### About this exercise:
Repeat all of the records exactly, leaving out the pictures.

(Excerpts from a dataset)
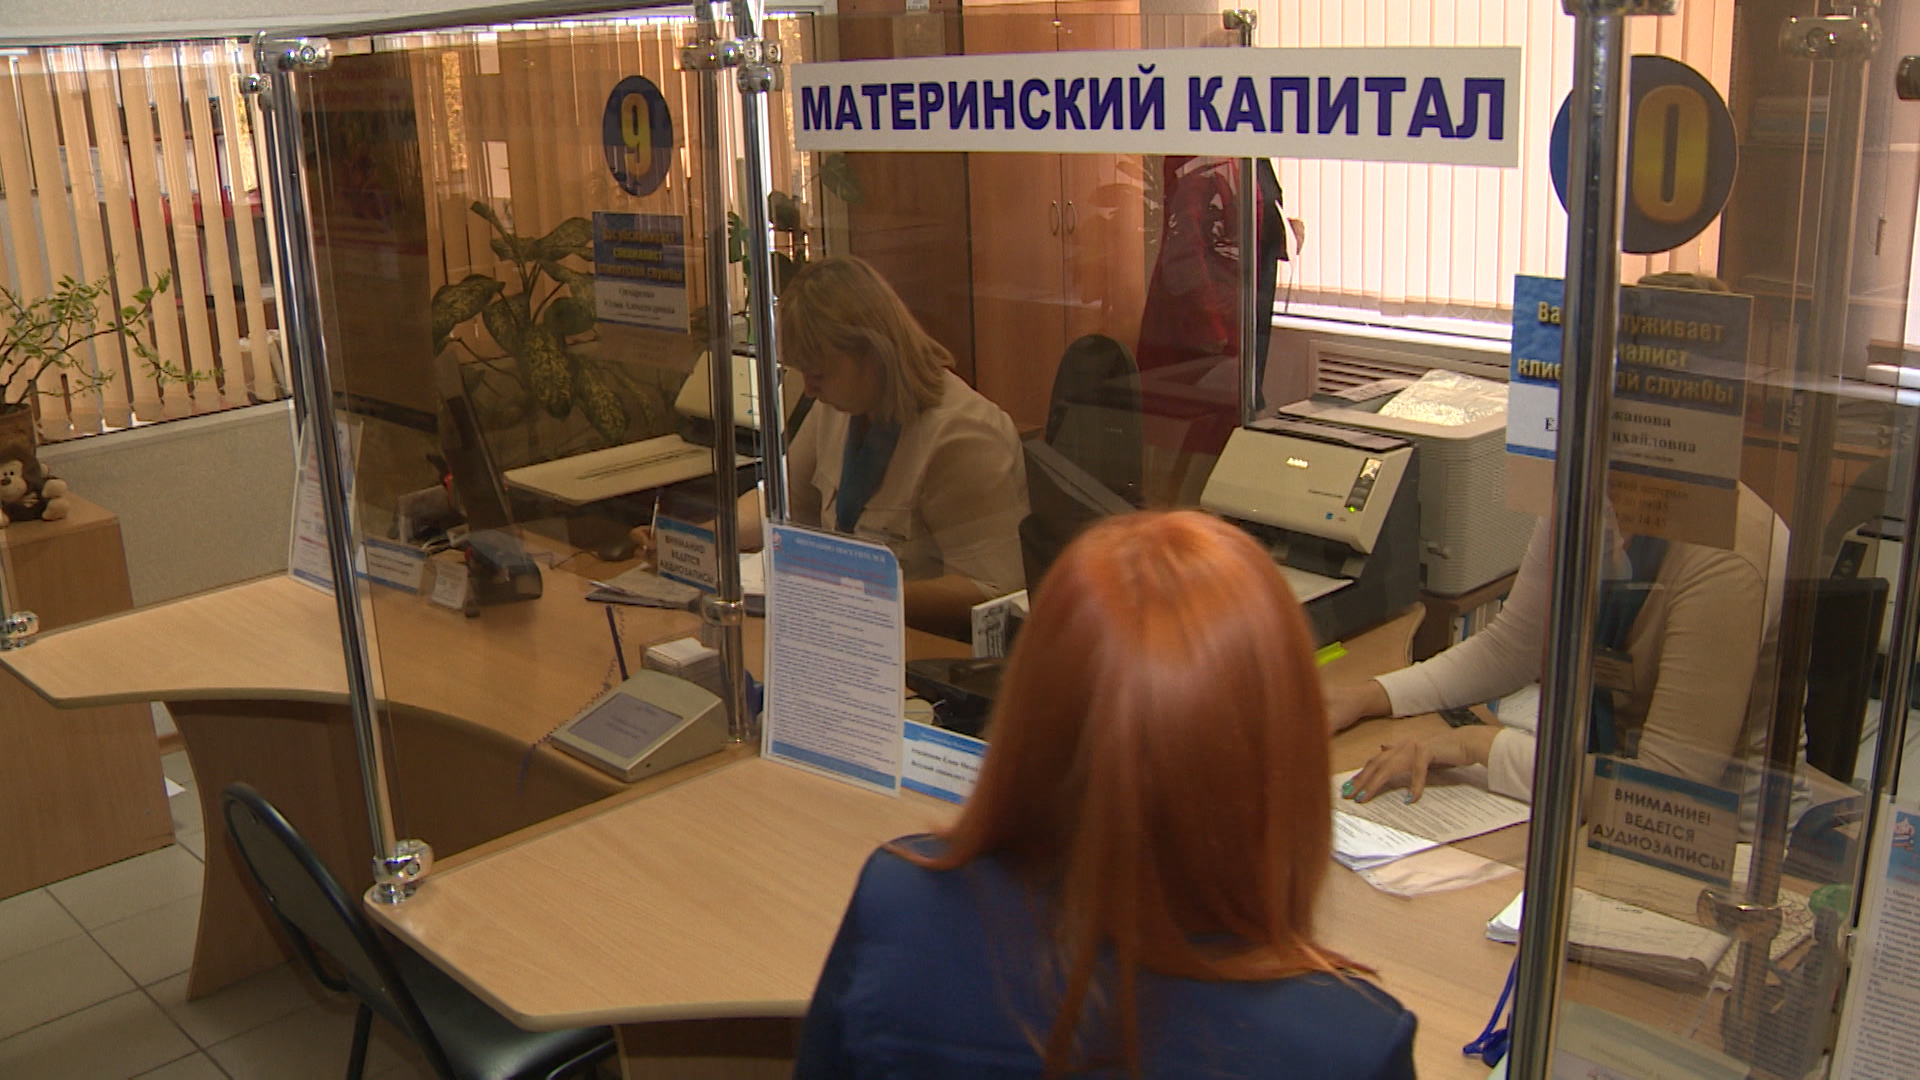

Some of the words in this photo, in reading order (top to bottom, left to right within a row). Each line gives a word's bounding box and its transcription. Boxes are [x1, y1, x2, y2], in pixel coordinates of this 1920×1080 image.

[801, 64, 1165, 130] МАТЕРИНСКИЙ
[1188, 76, 1505, 140] КАПИТАЛ
[621, 93, 652, 177] 9
[1632, 85, 1709, 223] 0
[1538, 301, 1561, 323] Ва
[1620, 313, 1725, 342] луживает
[1644, 375, 1734, 403] службы
[1612, 431, 1696, 453] ихайловна
[1625, 811, 1695, 842] ВЕДЕТСЯ

### Task solution:
Some of the words in this photo, in reading order (top to bottom, left to right within a row). Each line gives a word's bounding box and its transcription. Boxes are [x1, y1, x2, y2], in pixel coordinates of this 1920×1080 image.

[801, 64, 1165, 130] МАТЕРИНСКИЙ
[1188, 76, 1505, 140] КАПИТАЛ
[621, 93, 652, 177] 9
[1632, 85, 1709, 223] 0
[1538, 301, 1561, 323] Ва
[1620, 313, 1725, 342] луживает
[1644, 375, 1734, 403] службы
[1612, 431, 1696, 453] ихайловна
[1625, 811, 1695, 842] ВЕДЕТСЯ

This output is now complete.